About this Event
Speaker: Smita Krishnaswamy (Yale University)
Title: Inferring and Characterizing Cellular and Neural Dynamics with Geometric and Topological Deep Learning
Abstract: In the last decade there has been a data revolution in biology with the advent of high-throughput high dimensional data modalities such as single-cell RNA-sequencing, fMRI data, molecular structure data and other modalities. A key issue in these data types is that they provide static snapshots of highly dynamic biological entities. In this talk I will cover our work inferring and characterizing cellular and neural dynamics during various processes. First, I will cover how to infer cell state dynamics during differentiation and disease with a neural ODE framework called MIOflow that is regularized with data geometric and manifold priors. Then I will discuss RITINI, our recent graph ODE network which allows us to learn gene regulation that underlies cellular dynamics, and potentially find new targets for treatments of disease. I will showcase applications of these in triple negative breast cancer and human embryonic stem cell differentiation.
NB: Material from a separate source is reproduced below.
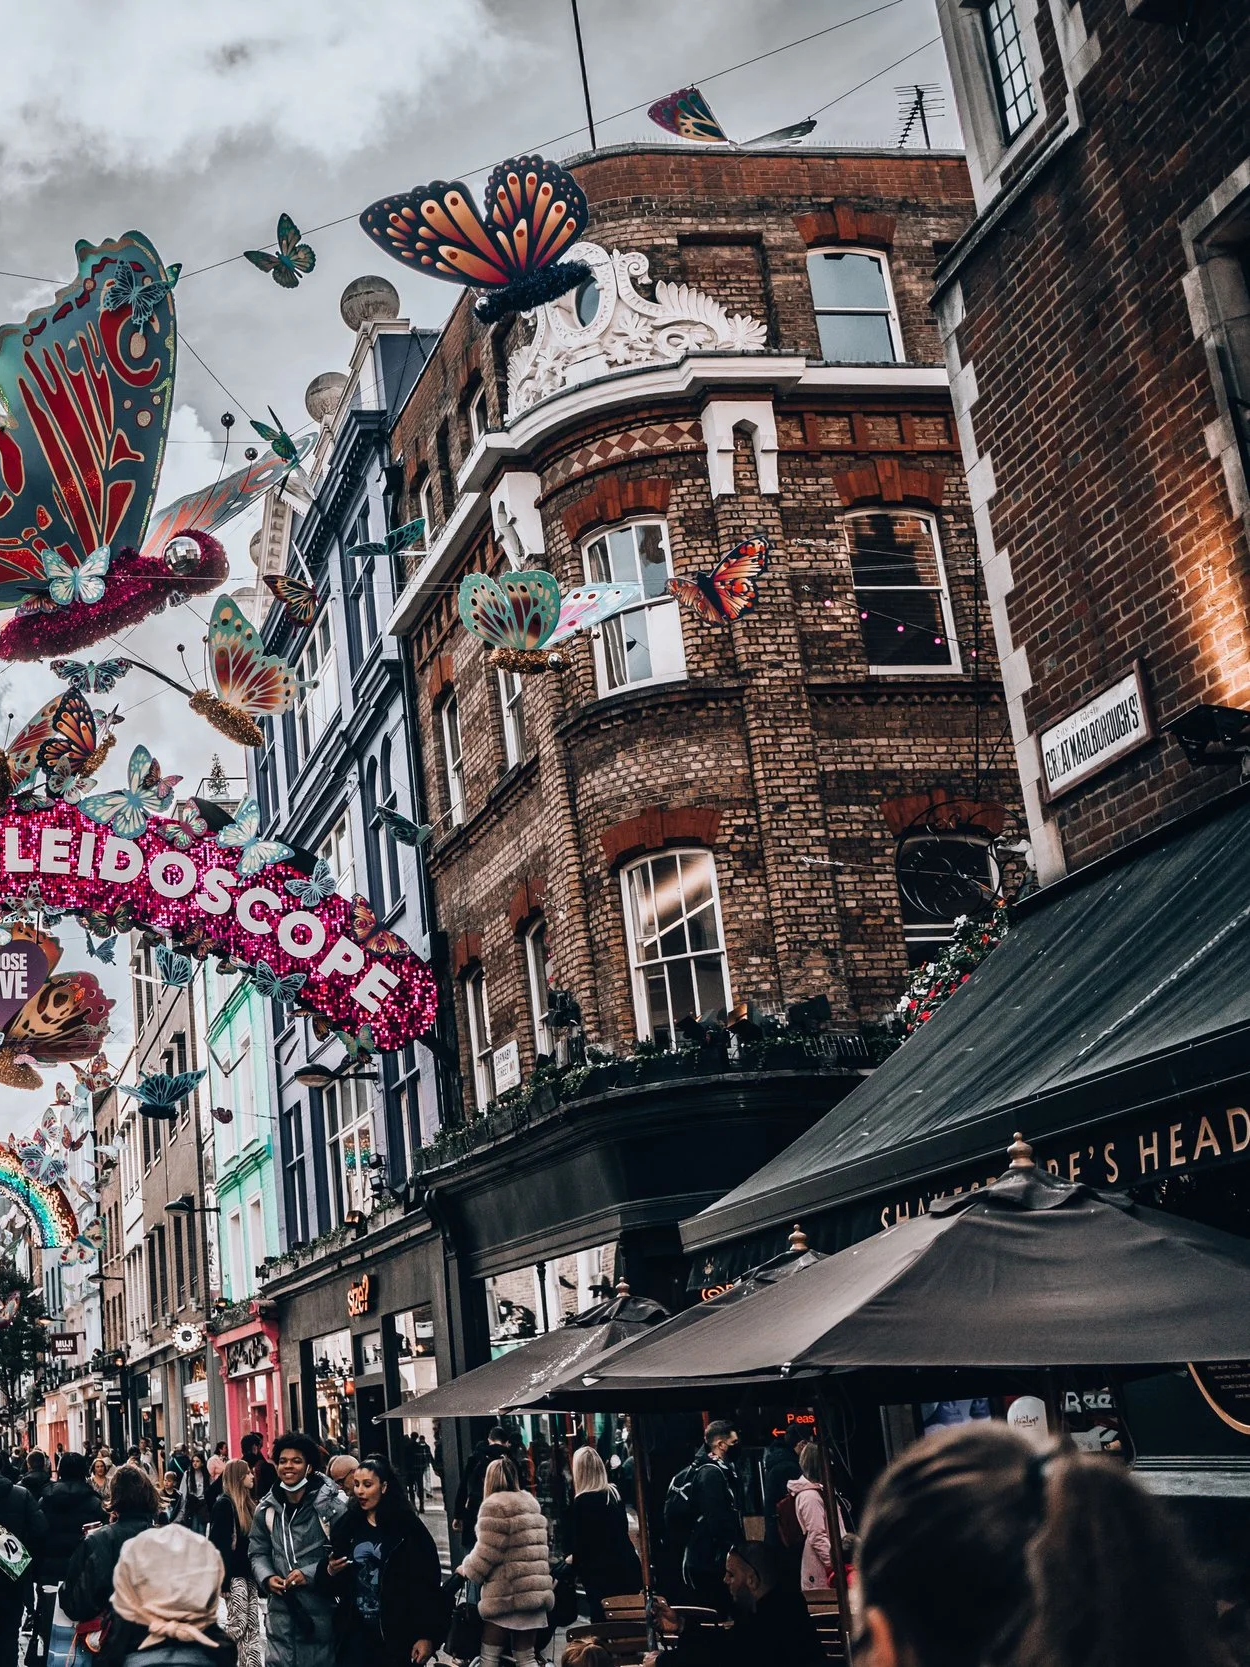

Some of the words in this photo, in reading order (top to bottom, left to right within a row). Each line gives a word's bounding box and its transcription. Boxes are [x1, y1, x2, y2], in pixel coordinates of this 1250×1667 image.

Once these dynamics are available, I will showcase tools to quantify and classify these dynamics based on graph signal processing and topological data analysis. This will involve our learnable geometric scattering transform to capture spatial signal patterns, as well as persistence homology and other tools to quantify time-varying patterns. Applications to characterization of brain activity data will be presented.
In person or on Zoom at https://mit.zoom.us/j/93513735220